Christensen spoke at the Fourth International Conference of the International Center for Environmental Studies and Sustainable Development, being held this weekend at the Universidad del Turabo-Gurabo.
“With over 95 percent of oil consumed in the Caribbean being imported and some of the highest electricity generation costs in the world, we no longer have the luxury of just being on the right path,” Christensen told regional leaders at the session titled “Towards a Regional Grid: Legislation & Policy Implications,” according to a statement from her office.
The session included discussions on the Financial Structure for Interconnection Projects, Energy Trading and the Regional Grid and Techno-Economic Architecture.
Christensen said that this is not a goal that island nations and territories can do singly.
“The time for us to bring together our greatest minds and share our resources to realize this important goal is now,” she said.
“By decreasing our reliance on fossil fuels, and connecting to increase economies of scale, governments in the Caribbean will be able to reallocate funds previously spent on imported fuel to important social and economic development initiatives while simultaneously decreasing carbon and other green house gas emissions and protecting the precious natural resources that serve as the basis for our tourism and agricultural products,” she said, “and we will be better able to weather the storms that plague us far too often.”
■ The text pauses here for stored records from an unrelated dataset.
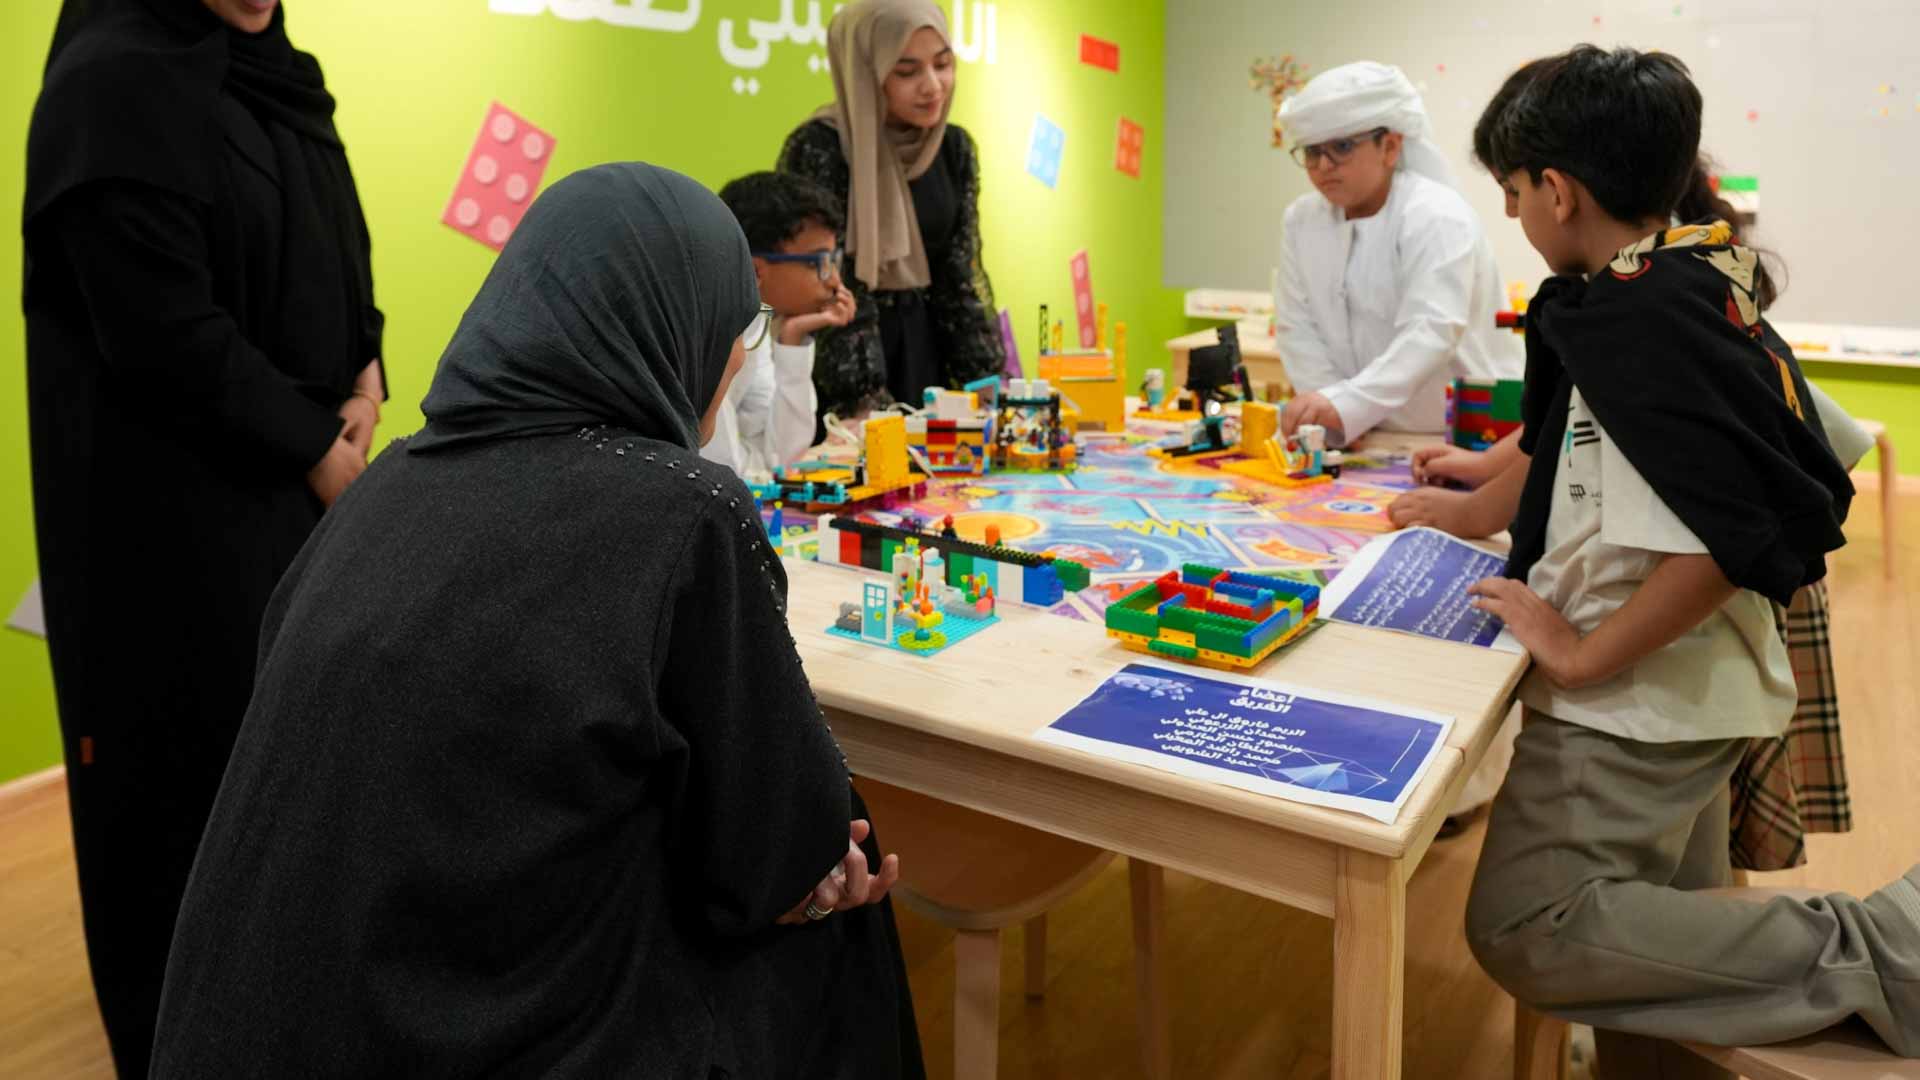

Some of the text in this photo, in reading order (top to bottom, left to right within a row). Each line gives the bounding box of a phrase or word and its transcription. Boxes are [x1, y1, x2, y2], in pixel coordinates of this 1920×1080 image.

[1230, 695, 1291, 713] الفريق
[1229, 717, 1269, 728] فاروق
[1218, 731, 1254, 741] حسن
[1244, 729, 1286, 740] حمدان
[1206, 745, 1241, 757] راشد
[1227, 741, 1274, 755] سلطان
[1256, 740, 1302, 752] منصور
[1224, 757, 1257, 767] حميد
[1243, 753, 1281, 765] محمد
Congressional hearings in Frederiksted in 2008 that she called for led to the Energy Development in Island Nations (EDIN) project to securing funding for a feasibility study of the proposed Virgin Islands – Puerto Rico grid, Christensen said. The feasibility study is near completion and "early reports indicate tremendous opportunities,” she said.
While the current political climate in the U.S. House of Representatives favors more drilling for oil rather than seeking alternatives, there was still great support from President Obama and Secretary of State Clinton for Caribbean energy initiatives, she said
“Despite all of the negative rhetoric, I still hold that there is no better time than the present to aggressively pursue the deployment of technologies such as solar, wind, waste to energy, geothermal, hydro and grid interconnection,” she said. “I am elated that the first link of the chain will begin between Puerto Rico and the U.S. Virgin Islands.”